* HOW TO COMPLETE THIS TASK *
Would you write out the entries that follow word for word, omitting any images?

___ MATERIAL FOR THE TASK ___

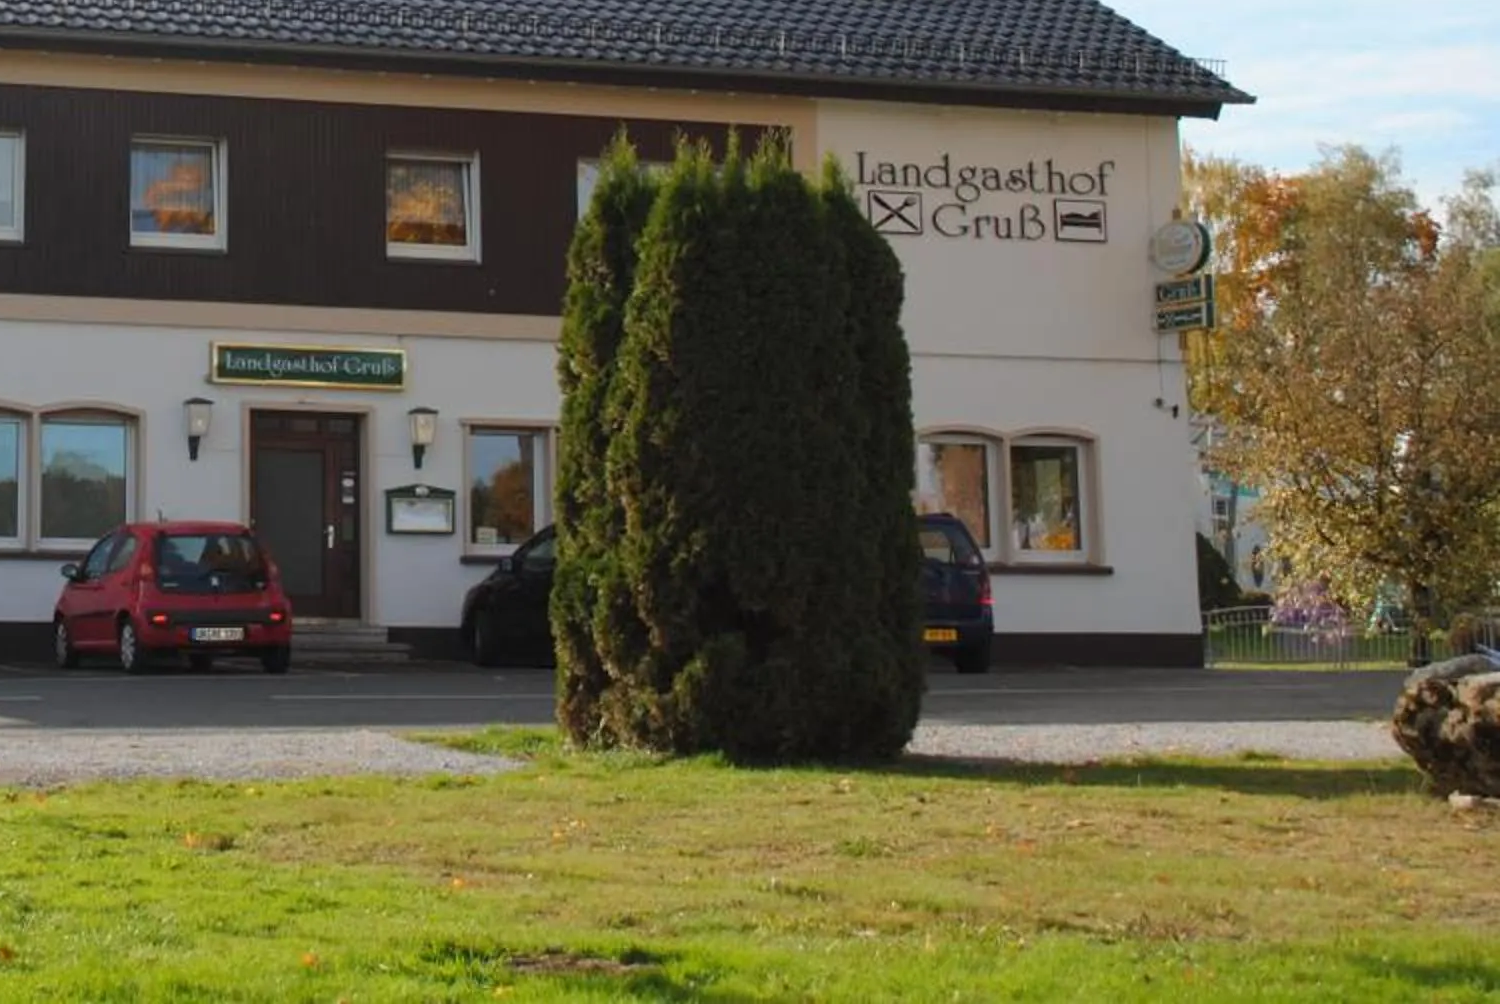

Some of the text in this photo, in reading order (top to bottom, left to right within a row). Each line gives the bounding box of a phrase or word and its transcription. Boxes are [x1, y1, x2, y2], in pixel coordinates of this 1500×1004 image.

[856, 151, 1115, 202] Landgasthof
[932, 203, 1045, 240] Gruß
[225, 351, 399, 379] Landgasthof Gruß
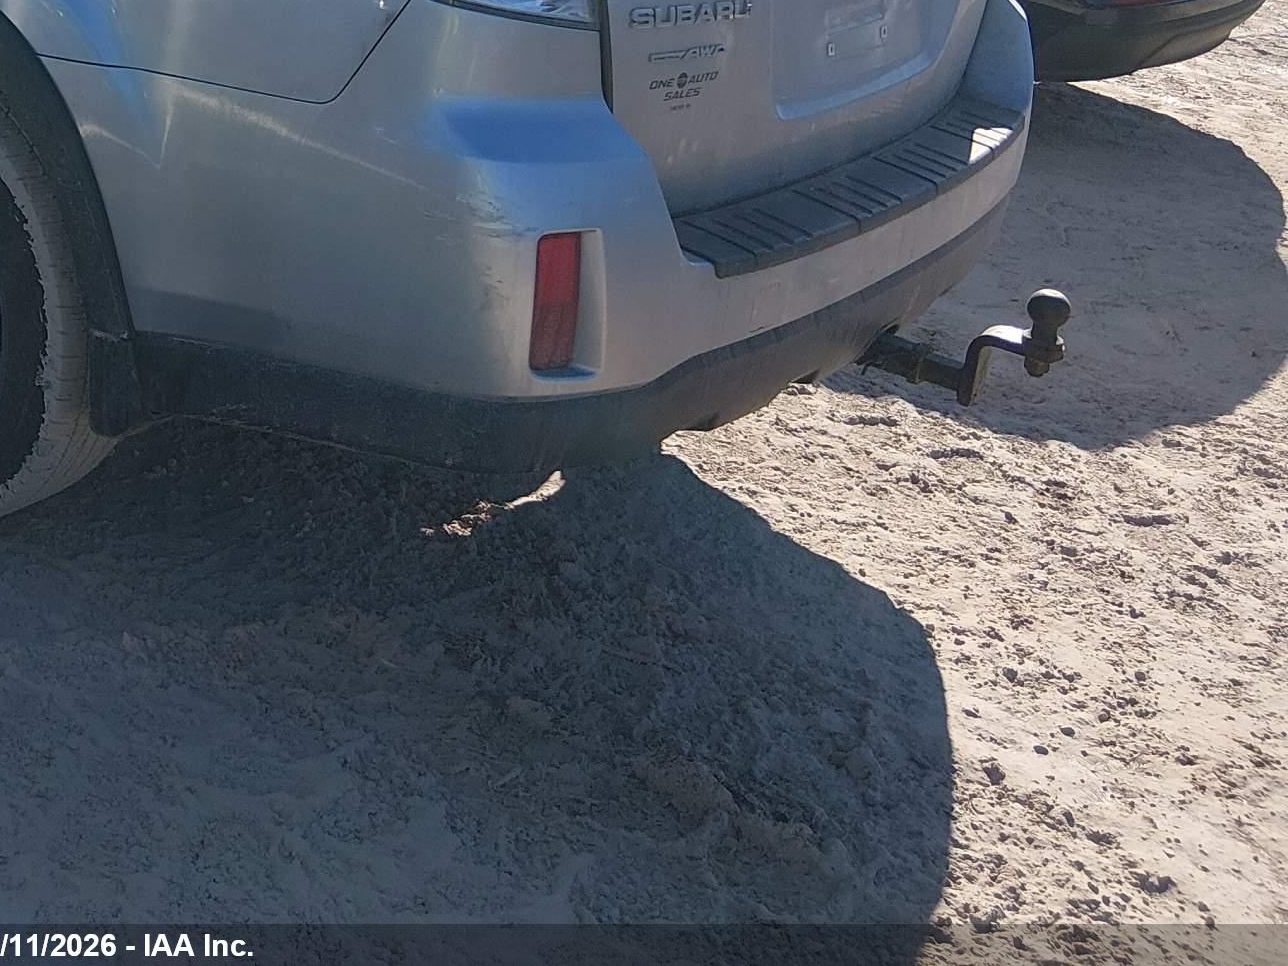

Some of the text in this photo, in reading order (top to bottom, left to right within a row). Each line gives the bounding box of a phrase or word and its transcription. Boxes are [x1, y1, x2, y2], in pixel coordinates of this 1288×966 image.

___

* ANSWER TO THE EXERCISE *
Some of the text in this photo, in reading order (top to bottom, left to right within a row). Each line gives the bounding box of a phrase or word and its transcription. Boxes are [x1, y1, x2, y2], in pixel coordinates of this 1500×1004 image.

[856, 151, 1115, 202] Landgasthof
[932, 203, 1045, 240] Gruß
[225, 351, 399, 379] Landgasthof Gruß

Some of the text in this photo, in reading order (top to bottom, left to right within a row). Each line gives the bounding box of a phrase or word and its transcription. Boxes are [x1, y1, x2, y2], in pixel coordinates of this 1288×966 image.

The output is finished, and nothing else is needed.